Learning to see at the bandstand

Apologies for the many words used here – sift your way through for any you find useful. Steve and I were just back from a week in the Southern Lakes and this morning was a series of snapshots from our visit to Cartmel Priory, prayers from a new David Adam book from there – ‘Fire from the north’ – The life of St Cuthbert’, and visits to Blackwell – and Arts and Crafts house and John Ruskin’s house Brantwood.

We began with a prayer from David Adam:

Lord, let not the clouds hide your Glory.
Glory at the heart of Creation
Glory at the centre of the Universe
Glory in the deepest depths of matter
Glory in each of the elements
Glory in each strand of the web of life
Glory in each connection, though it be
As thin as gossamer thread
Or thick as a rope of iron.
Glory in the very depth of our being.
Lord, let not the clouds hide your Glory.
You are there waiting to be revealed.
Glory in each object and each creature
Glory in each life and every encounter
Glory in our past and waiting in our future.
Make us sensitive to your presence and your call.
Lord, let not the clouds hide your Glory.

This was followed by reflection on our lack of seeing and words from Ruskin:

Sculptor of landscapes
Soft wind shapes the hardest stone.
What need of iron tools?
Quietness and time prevail
As cold hearts to gentleness.

Steve wrote about the huge window in Cartmel Priory and read to us:

Light flooding in a traditionally dark place, light often obscured by thickly, dustily stained glass – released, light without the accretion of ages, light without the mediating interpretation of tradition, light transforming, light allowing fractured images of the outside in, pure light without colour, glassy, translucent, semi-transparent, diaphanous, gossamer thin strands of light, opaquely revealing. Light.

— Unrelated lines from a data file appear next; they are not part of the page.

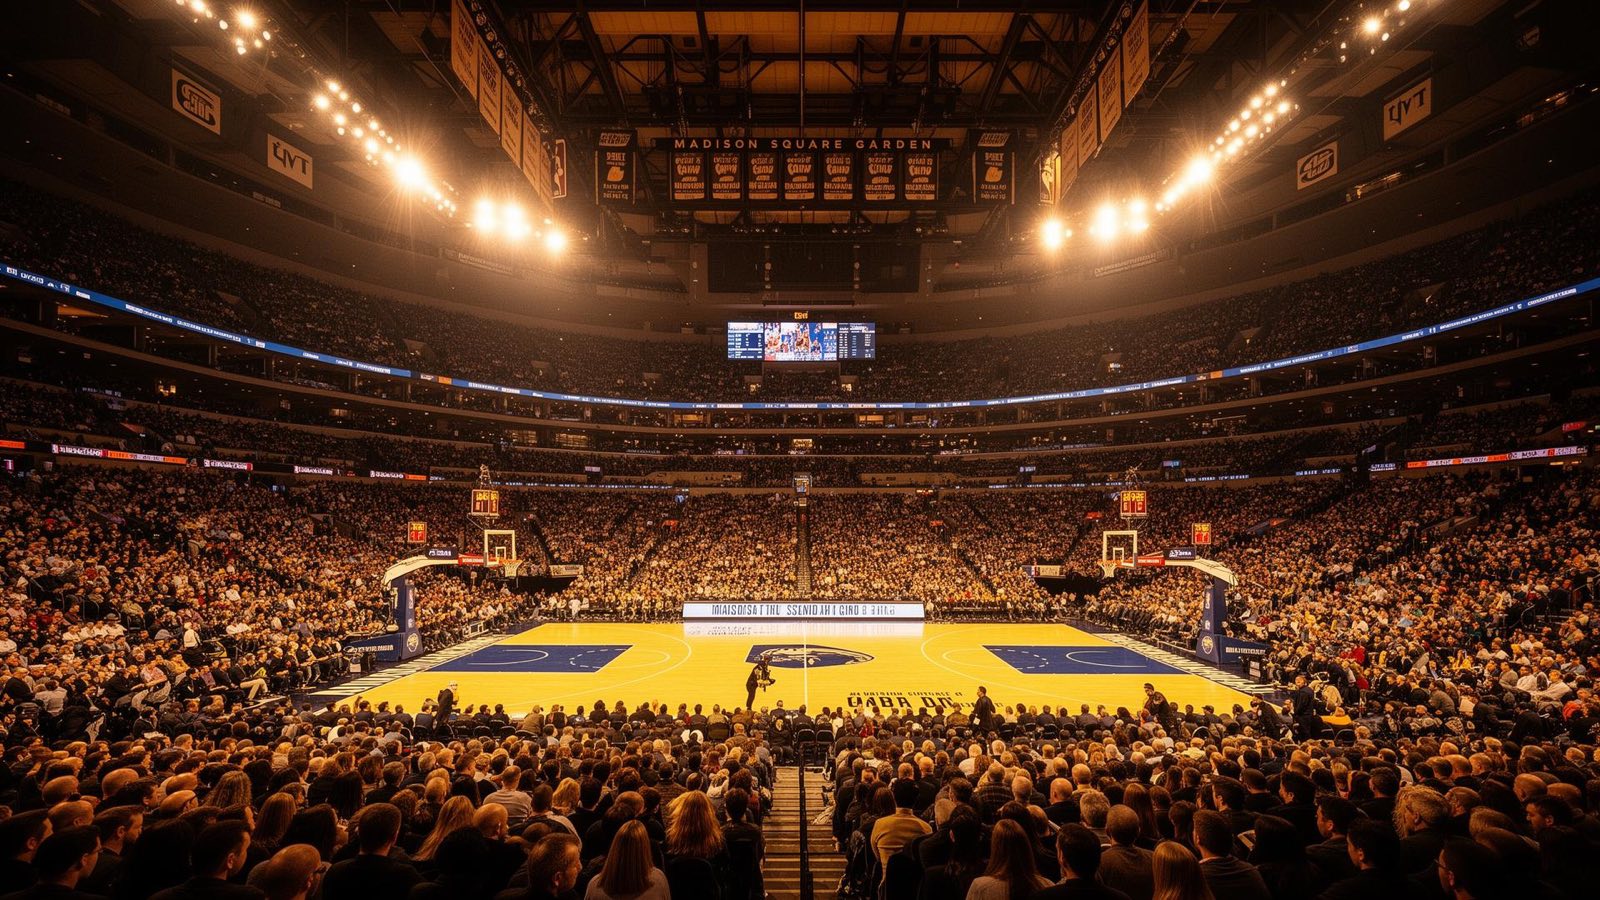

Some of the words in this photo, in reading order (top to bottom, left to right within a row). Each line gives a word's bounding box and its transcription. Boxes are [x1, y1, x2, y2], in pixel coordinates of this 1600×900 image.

[674, 138, 758, 149] MADISON
[770, 138, 843, 150] SQUARE
[855, 138, 932, 149] GARDEN
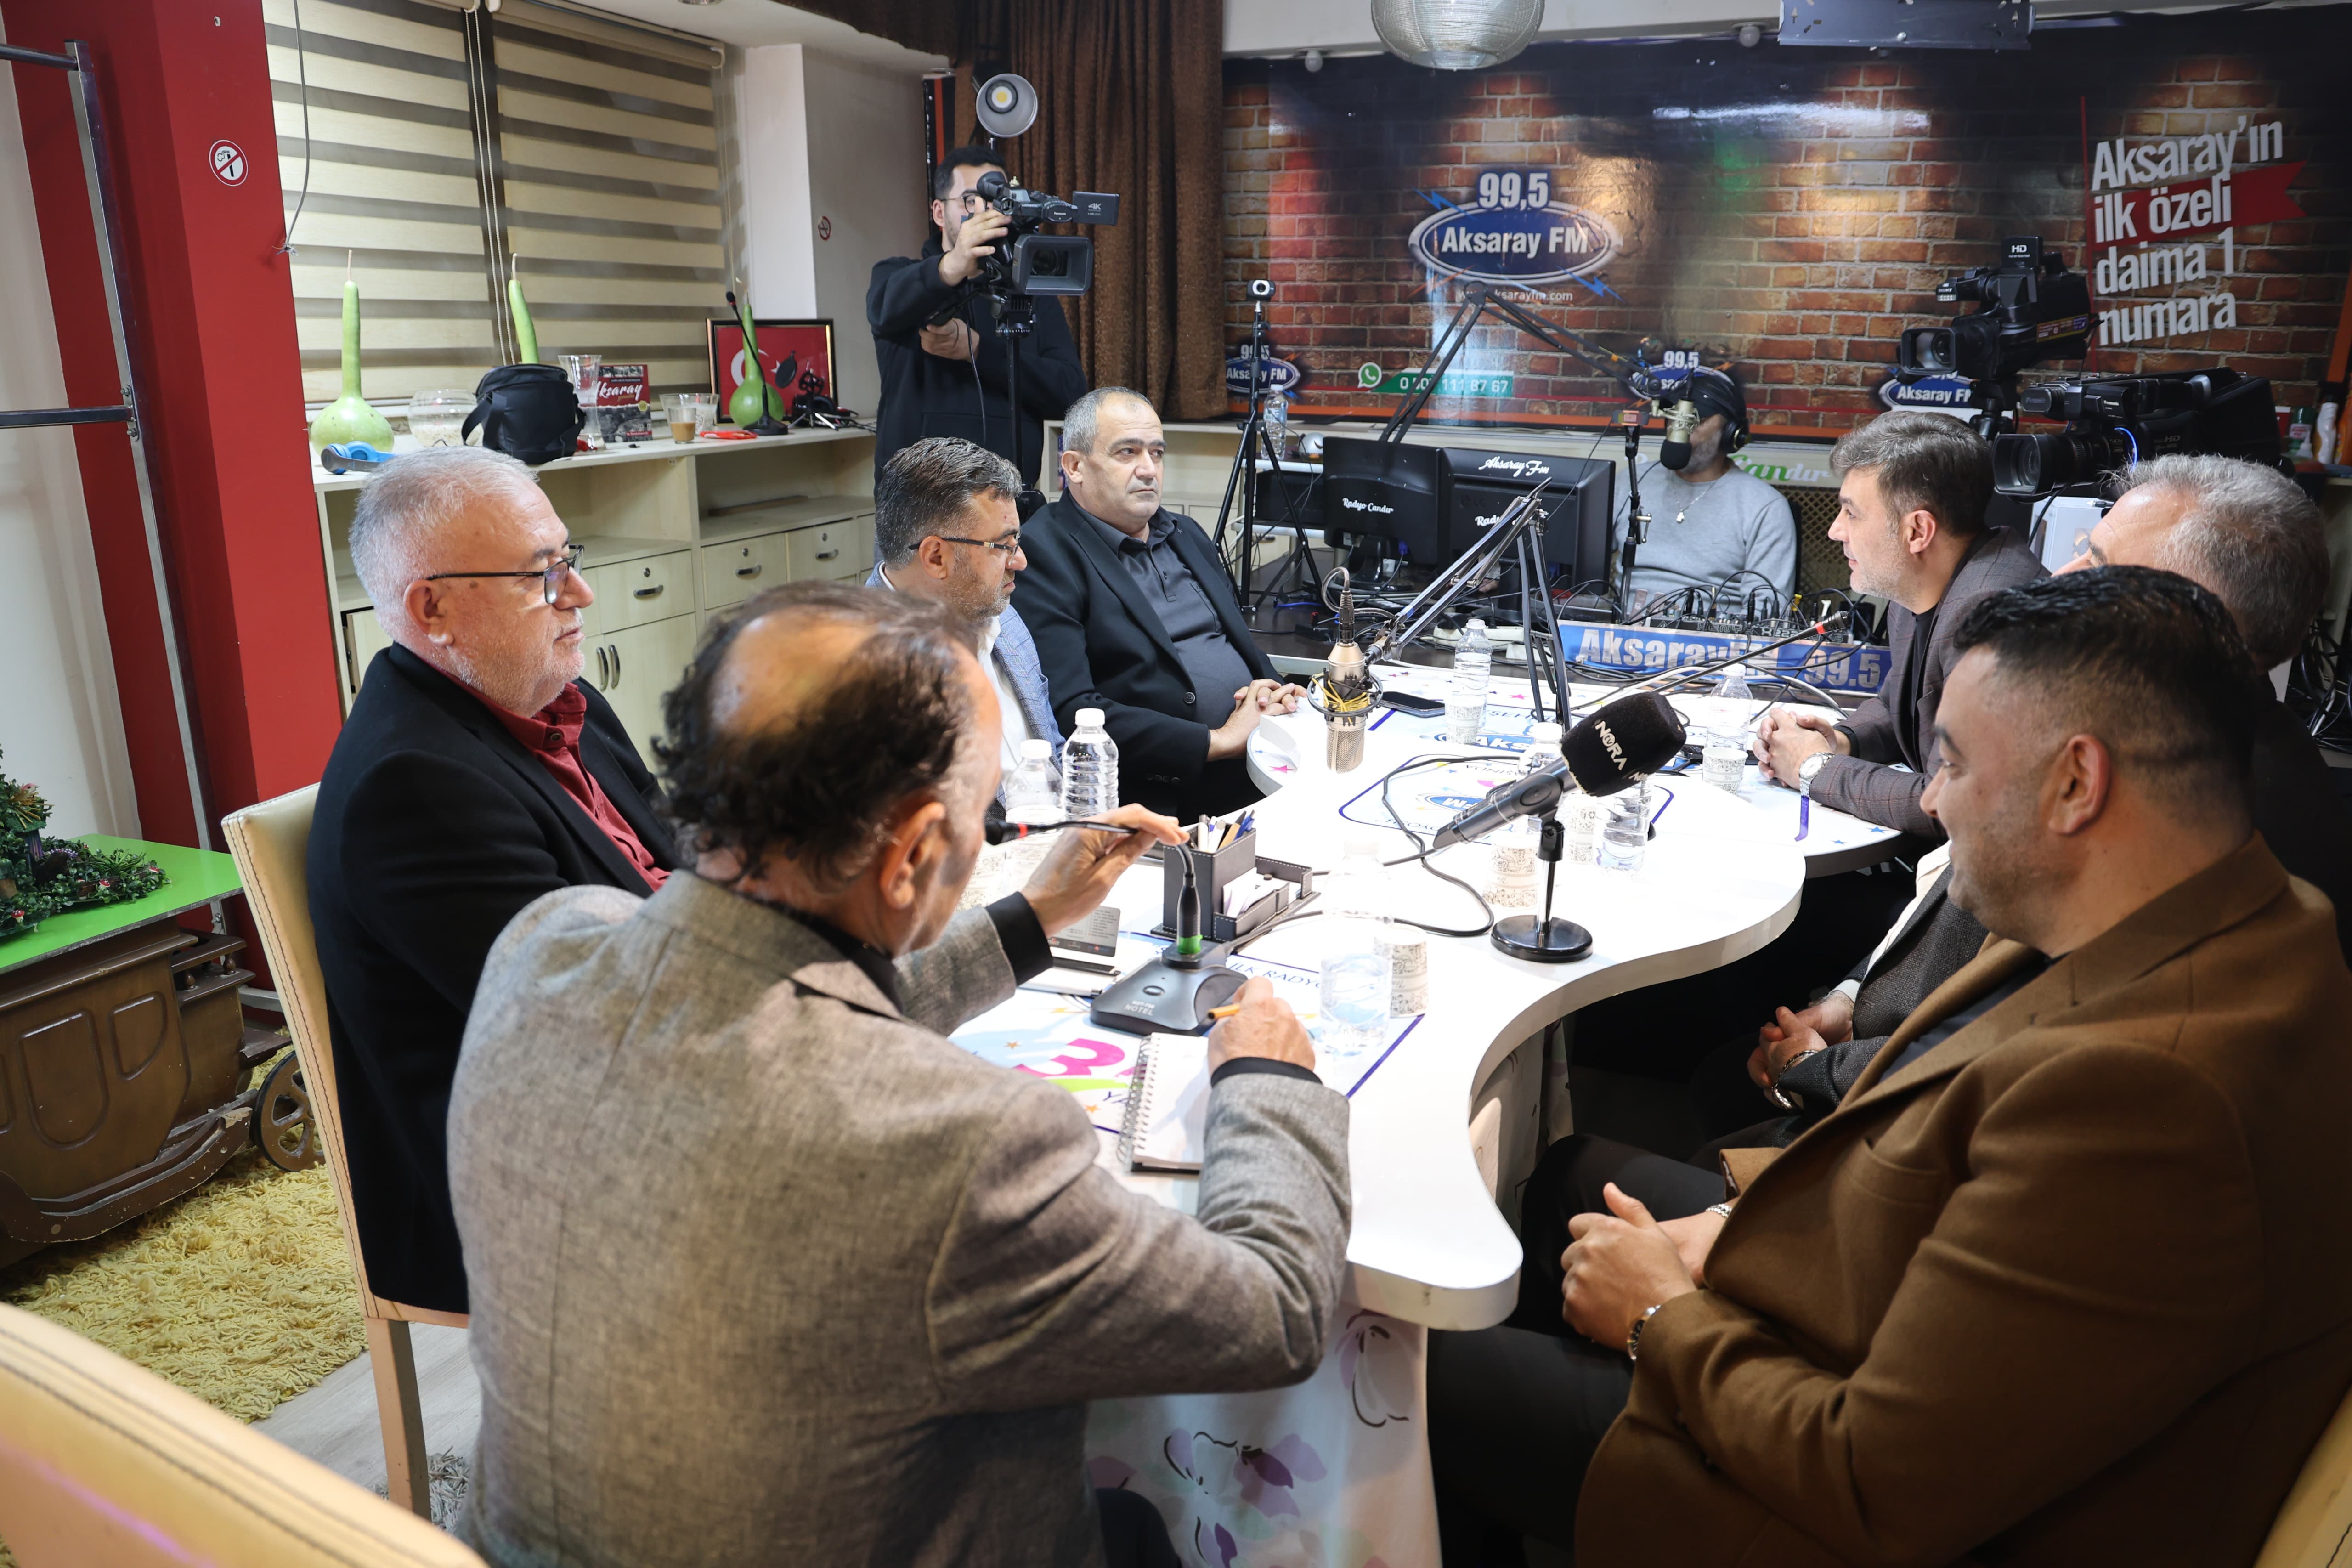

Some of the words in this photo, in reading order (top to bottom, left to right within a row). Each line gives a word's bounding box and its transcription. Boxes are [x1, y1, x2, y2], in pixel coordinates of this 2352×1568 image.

[1479, 172, 1549, 211] 99,5
[2094, 192, 2137, 243] ilk
[2148, 173, 2232, 234] özeli
[1441, 227, 1541, 259] Aksaray
[1549, 227, 1589, 253] FM
[2012, 244, 2027, 253] HD
[2096, 241, 2207, 294] daima
[2218, 226, 2234, 275] 1
[2098, 292, 2237, 346] numara
[1271, 368, 1286, 380] FM
[1663, 351, 1699, 370] 99,5
[1896, 385, 1952, 404] Aksaray
[1478, 456, 1525, 478] Aksaray
[1525, 460, 1550, 476] Fm
[1342, 498, 1367, 511] Radyo
[1367, 502, 1394, 514] Candır
[1802, 645, 1881, 687] 99.5
[1595, 721, 1627, 770] NORA

We then walked with the following words and the task to gaze on beauty that is necessary and to find God in it:

The greatest thing a human soul ever does in this world is to see something and to tell what it saw in a plain way. Hundreds of people can talk for one who can think, but thousands can think for one who can see.
To see clearly is poetry, prophecy and religion – all In one.

Unto this last.
As the art of life is learned
It will be found at last
that all lovely things are also necessary
the wild flowers by the wayside
as well as the tended corn
and the wild birds and creatures of the forest
as well as the tended cattle;
because man doth not live by bread only
but also by the desert manna;
by every wondrous word and unknowable work of God.
Happy in that he knew them not
nor did his fathers know
and that round about him reaches yet into the infinite
the amazement of his existence.                                                          John Ruskin.

Jesus says:
“I am the light that is over all. I am the All. The All came forth out of me. And to me the All has come.”
“Split a piece of wood — I am there.
Lift the stone, and you will find me there. The Gospel of Thomas

Back to the bandstand to pray for the nation and for those we knew who need Jesus now using more words from David Adam:

Lighten our darkness
We beseech you O Lord.

Lord, open our eyes
That we may see your Glory.

Lord, open our ears
That we may hear your call.

Lord, open our minds
That we may know your mysteries.

Lord, open our hearts
That they may vibrate with your love.

Lord, make us alert to you
That we may discover your presence.

Lord, make us sensitive to you
That we may learn your purpose.

Lighten our darkness
We beseech you, O Lord.

Using an image exhibited at Blackwell (sadly copyright) we reflected on the art work ‘The initial And of Mark XV 42 by Eric Gill and the words it was based on:

42 And now when the even was come, because it was the preparation, that is, the day before the sabbath, 43 Joseph of Arimathaea, an honourable counsellor, which also waited for the kingdom of God, came, and went in boldly unto Pilate, and craved the body of Jesus.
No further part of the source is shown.